While I knew that day would eventually come, it’s now just a few weeks away. Many around me have already been asking about what I’ve liked or not liked about being in India. The Indians asking won’t know – not until I tell them – that they themselves are what I’ll miss the most about India. The warmth and hospitality of most people I've met in this country, especially in the south. I already know I won't encounter this kind of human warmth, except perhaps in Newfoundland and the Maritimes in Canada. What makes it so special and rare, if you like, is that it is natural without an iota of pretension.
The list of not-so-great things I won't miss at all are the often tiresome inconveniences, the horrific air and water pollution, and the way most women are treated in this country. I will never fully understand why the contradictions are so stark in India. Is it the colonial past which is speaking through Indians as they talk to white skinned westerners? I just can't understand how the many well educated and polite Indian men I meet won't extend the same courtesy to women of their own culture.
I can only count my blessings I'm no longer a young woman. I'd be dealing with the sexism and bullying of Indian men who tease, grab and often act like assholes. Most of them – the way I see it – have simply not grown into men, and I at times wonder if they ever will. They are boys whose parents in the "son loving" families have spoilt them rotten and not prepared them to respect the other half of humanity. Yes, they revere their mothers, but no, they cannot see or treat women as equals. And neither did western men until women took up the torch and changed the way we are treated as a result. Change is seldom if ever voluntary.
Yes. I won't miss hearing the horrific stories told by so many Indian women whose husbands have left them with babies and infants to raise and take back to their own first families while the hubby decided to switch to a newer model. Not that this is unknown outside of India, but here there is so very little in the family law to protect the women monetarily or socially. This country desperately needs family law reform to protect the rights of women in so many areas. Instead, it still is prevalent to see everyone blaming the woman as if the husband's sexual appetite is her fault or the victims of rape invite to be raped. Witnessing these events unfolding has certainly rekindled my old fighter instincts as a woman and as a social activist. At least I've been given great opportunities to speak with the many women here to learn more about their resilience and tremendous capacity for survival.

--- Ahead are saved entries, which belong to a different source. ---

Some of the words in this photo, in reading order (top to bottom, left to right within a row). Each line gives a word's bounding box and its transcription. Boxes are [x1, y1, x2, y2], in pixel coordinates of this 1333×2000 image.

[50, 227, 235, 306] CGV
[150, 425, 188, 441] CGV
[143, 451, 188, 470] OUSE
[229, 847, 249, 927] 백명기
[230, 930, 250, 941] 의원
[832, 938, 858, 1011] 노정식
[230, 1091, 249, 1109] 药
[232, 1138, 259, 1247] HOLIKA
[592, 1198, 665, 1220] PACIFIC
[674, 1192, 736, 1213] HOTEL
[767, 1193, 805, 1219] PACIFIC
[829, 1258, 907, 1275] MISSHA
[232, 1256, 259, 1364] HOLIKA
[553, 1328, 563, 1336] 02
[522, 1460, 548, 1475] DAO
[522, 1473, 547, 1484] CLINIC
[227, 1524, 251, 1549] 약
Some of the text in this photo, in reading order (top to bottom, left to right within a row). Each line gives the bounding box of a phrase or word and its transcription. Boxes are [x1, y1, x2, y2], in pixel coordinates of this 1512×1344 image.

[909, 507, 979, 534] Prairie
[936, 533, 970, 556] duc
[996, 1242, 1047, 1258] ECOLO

As a white western woman who has worked here in a western company, I meet the educated and privileged Indians – men and women. I've yet to meet though an Indian man who treats his female colleague with the same respect as he showers on the men in the office. Men interruput women when they are talking – I'm probably the only one who reminds them not to do so. Or, they simply ignore women's input and do so because they can. The women have not yet learned to tell them to put a sock in it!
Perhaps my most vivid memory is when I was asked to participate on a panel of speakers to celebrate the International Women's Day. I was one of 2 women managers invited to speak; the rest were "honorary" women, i.e., men who were invited because they had titles, such as Director, or Sr. Manager attached to their names! It still beats me how the organizers could not even fathom of inviting on the panel a few MBA’s from the sea of women in the audience who were all professional young women starting their corporate careers. The least I could do was to remind them – firmly nevertheless – that they really should not expect men to give them their rights or even opportunities – the only way to get them is to go claim them with other women!
I didn't intend to go on and on about the sexism, but it is alive and well in India. I can only hope that the many vigils and demonstrations that have been held here in the aftermath of the gang rapes will result in legal changes and legislation to protect women's rights. The Indian men are about to have their concsiousness raised in a hurry while others among them will continue to be threatened as their privileges are questioned. Let's see what 2014 brings as the national election year.